Egon era il sesto figlio, e l’unico ad essere sopravvissuto nel suo “campo
familiare”. Tuttavia l’eredità familiare era poco promettente visto che il
padre aveva contratto la sifilide appena prima del matrimonio,
ed aveva
contagiato la giovane moglie. Era un uomo taciturno, ma capace di violenti
scoppi d’ira. Mori’ pazzo a 54 anni quando Egon ne aveva appena 14 anni.
Come si può
apprezzare nella foto, il padre di Egon era un uomo attraente. Sua madre,
Marie Soukup, di origine boema, una cocciuta romantica. Sposò Adolf contro
il volere della famiglia a 16 anni.
Sin dalla più
tenera età, Egon fu una persona completamente appassionata, autosufficiente
e introspettiva. Era di bell’aspetto, con occhi neri che esprimevano uno
sguardo romantico, triste e indagatore. In una foto scattata quand’era un
ragazzino di 15 anni, lo vediamo reggere una tavolozza in mano con
l’espressione già sensibile dell’artista inspirato.

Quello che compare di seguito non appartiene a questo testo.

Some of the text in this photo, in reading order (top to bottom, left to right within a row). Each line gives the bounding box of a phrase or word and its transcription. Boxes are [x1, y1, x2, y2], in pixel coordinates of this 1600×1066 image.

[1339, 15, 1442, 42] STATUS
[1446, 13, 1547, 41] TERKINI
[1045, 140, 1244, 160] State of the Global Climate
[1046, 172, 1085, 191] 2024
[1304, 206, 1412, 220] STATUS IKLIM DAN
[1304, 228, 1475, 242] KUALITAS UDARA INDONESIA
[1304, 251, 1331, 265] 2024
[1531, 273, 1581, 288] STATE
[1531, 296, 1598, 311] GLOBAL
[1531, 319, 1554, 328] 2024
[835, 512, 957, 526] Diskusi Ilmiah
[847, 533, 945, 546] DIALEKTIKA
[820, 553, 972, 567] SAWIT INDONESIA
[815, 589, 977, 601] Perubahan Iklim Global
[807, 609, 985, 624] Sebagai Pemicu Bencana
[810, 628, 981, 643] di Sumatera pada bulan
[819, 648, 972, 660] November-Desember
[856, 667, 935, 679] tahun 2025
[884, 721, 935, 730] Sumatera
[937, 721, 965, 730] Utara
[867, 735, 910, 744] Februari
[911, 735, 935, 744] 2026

Questa foto ha provocato
un profondo impatto estetico nella mia concezione della vita
nell’immaginario adolescente.
Il profilo
biografico di Egon Schiele evidenzia una vita densa di sofferenza dipesa dal
fatto di esser stato una persona autentica, un artista genuino sin
dall’inizio della sua vita. “La differenza tra un vero artista e un
dilettante consiste nel fatto che l’artista affronta la paura umana, invece
il dilettante ricerca unicamente il piacere”, sottolinea Odilon Redon, il
grande pittore onirico, nella sua autobiografia “ A soi meme”.
Schiele frequentò
le scuole elementari a Tulln, e poi si trasferì al“Ginnasio Reale” a Krems.

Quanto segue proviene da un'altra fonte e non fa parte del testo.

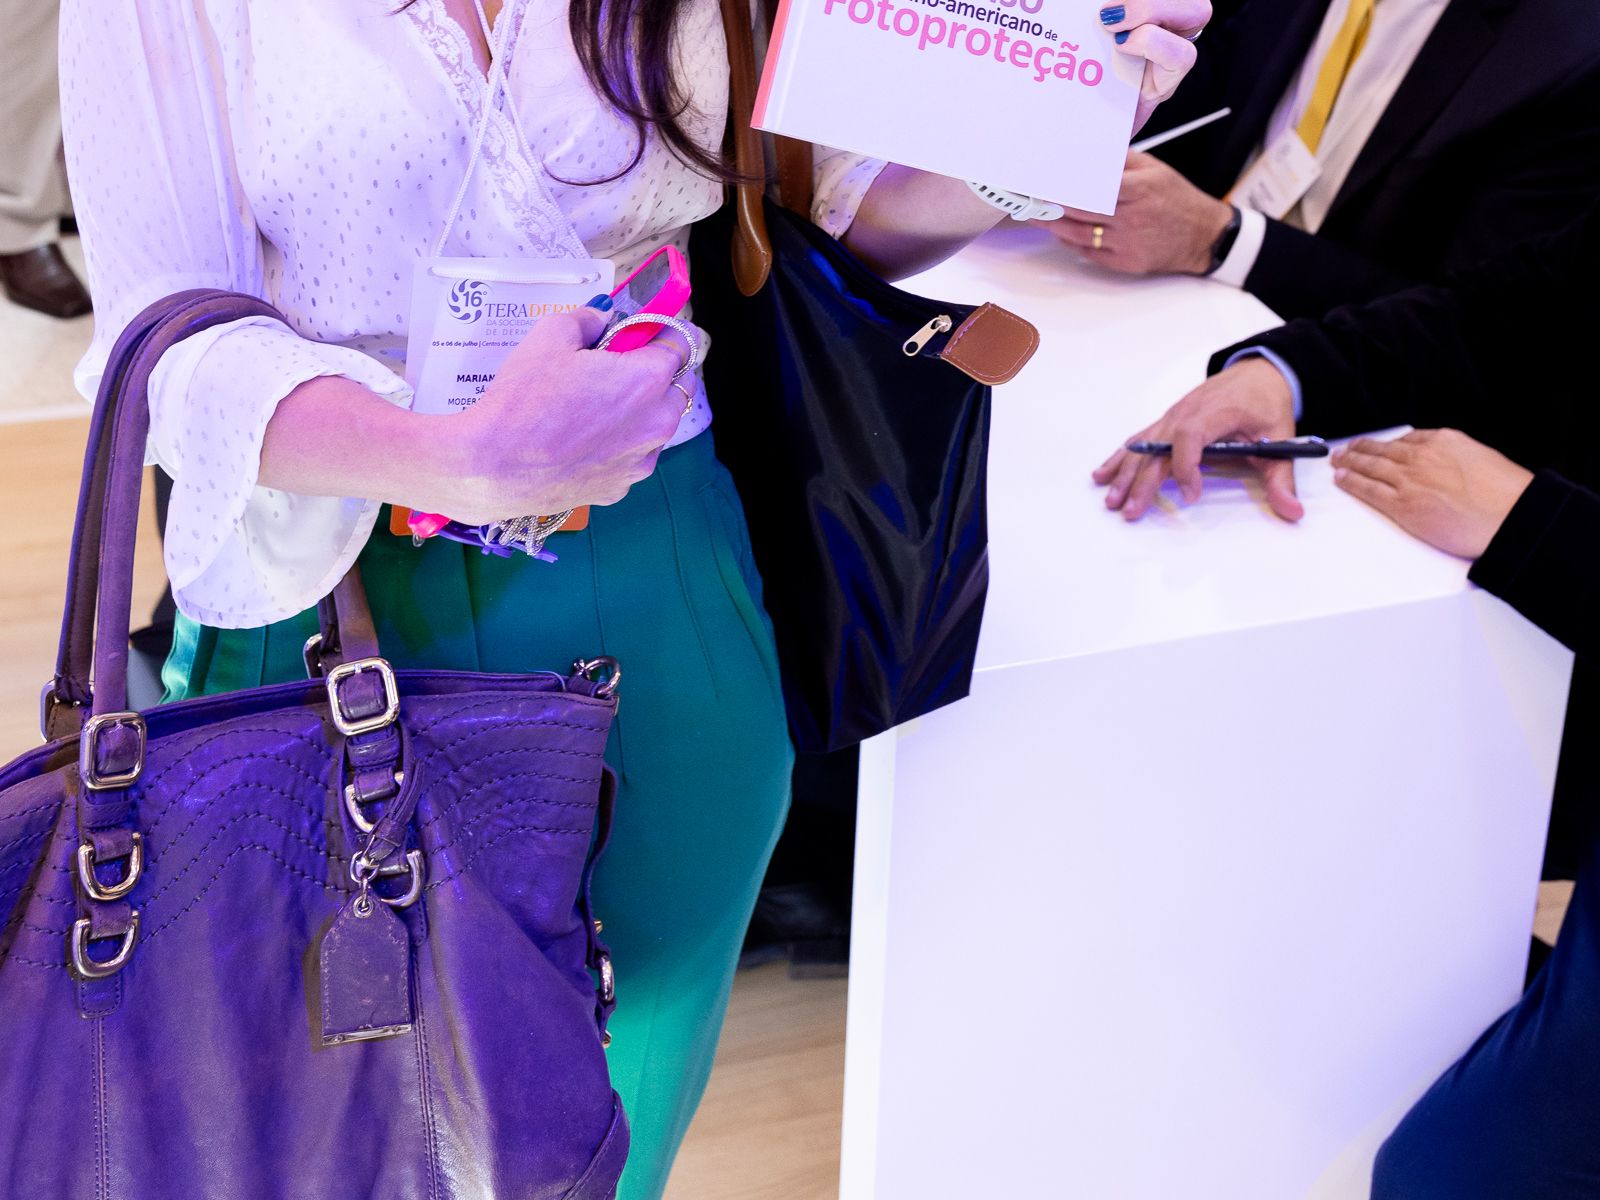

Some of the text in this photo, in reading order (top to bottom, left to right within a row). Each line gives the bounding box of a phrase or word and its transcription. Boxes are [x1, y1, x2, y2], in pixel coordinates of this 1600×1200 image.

[1044, 28, 1058, 42] de
[486, 319, 536, 327] DA SOCIEDAD
[486, 328, 528, 336] DE DERM
[456, 374, 496, 383] MARIAN

Non era un allievo particolarmente brillante, pertanto si trasferì in un
altro ginnasio. Sulla sua giovinezza pesò l’ombra della malattia del padre,
che morì a Capodanno del 1905. Tra differenti sensazioni, tra piacere e
paura, tra fantasia e routine quotidiana, l’espressione umana in Schiele
acquista il carattere di un sogno ispirato che diventa talora terribile
incubo. Nell’espressionismo di Schiele coesistono non comuni sensazioni
estetiche inquietanti e emozioni capaci di toccarci profondamente.
Egon Schiele
espresse la sua maschera corporea e la sua natura attraverso i suoi sogni
pittografici e le sue relazioni con i visitatori del fantastico – dai
controllori delle ferrovie e gli amici reali del padre alle sue figure di
fantasia.
La complicità lo
legava a Melanie, la più anziana delle sorelle, ma era affezionato in modo
speciale alla più giovane, Gertrude, che spesso posò come modella per lui.
Quando parlo della
natura di Schiele, mi riferisco ai pensatori e agli artisti del
Rinascimento, e in particolare a Marsilio Ficino, un umanista italiano
ispirato dal neo-platonismo e dalla tradizione alchemica, che una volta
affermò che la Natura produce la forma estetica dall’ ”interno”(questa
visione era una critica al “Trattato sulla Pittura” di Leonardo da Vinci).
Leonardo affermava
che il vero pittore è chi “pensa con le sue mani”. Per quanto mi riguarda,
credo che nel caso di Schiele, siano veri entrambi i punti di vista. La sua
vita e la sua opera evidenziano una condensazione di natura profondamente
artistica e “mani parlanti” delicatamente espressive, come vediamo in foto.
Il mondo
enigmatico e realistico di Schiele mostra come la sua intimità e la sua
reverie diano corpo a una storia paurosa e fantastica, che si traduce in una
realtà visuale intricata e creativa.
Come accade nei
sogni più realistici, come dice Freud, Schiele subisce profonde e complesse
metamorfosi. Il suo linguaggio onirico appare talvolta come un crudo
realismo che acquista un tocco personale, tipico dei grandi maestri del
Rinascimento come Pontormo, Rosso Fiorentino, e così via.
Schiele ci fa
sentire che è difficile distinguere tra mondo onirico, poetico e realistico.
Macedonio
Fernandez, uno
scrittore argentino che
ispirò Jorge Luise Borges, scrisse:
“Come facciamo a
stabilire se siamo in uno stato di reverie, come facciamo a sapere che
l’uccello che vola all’altezza del lampione si avvicina se i miei occhi sono
aperti o chiusi ?”
Mi sembra che
Schiele ci inviti a viaggiare all’interno dei nostri sogni con i nostri
occhi che si aprono su un mondo delle meraviglie eccitante e talora
sconvolgente.
Nell’esperienza di
tutti i giorni, quando guardiamo un albero, un uccello in volo, un bambino
che gioca, o una scultura che incontriamo tutti i giorni di mattina presto
sulla strada verso l’ufficio o mentre andiamo a scuola, siamo davvero svegli
o non ancora addormentati? Questo stato intermedio tra sogni e stato vigile
ha un certo valore estetico.
Quest’esperienza
estetica ci desta dalla ripetitività della nostra vita.
Talvolta una
visione inaspettata dalla finestra di una stanza può colpirci –come nella
mia stanza a Parigi o a Venezia, dove vivo, od anche solamente una finestra
quando visitiamo il Louvre in una giornata di sole ci aiuta a scoprire una
prospettiva estetica che ci sembra parte essa stessa del museo.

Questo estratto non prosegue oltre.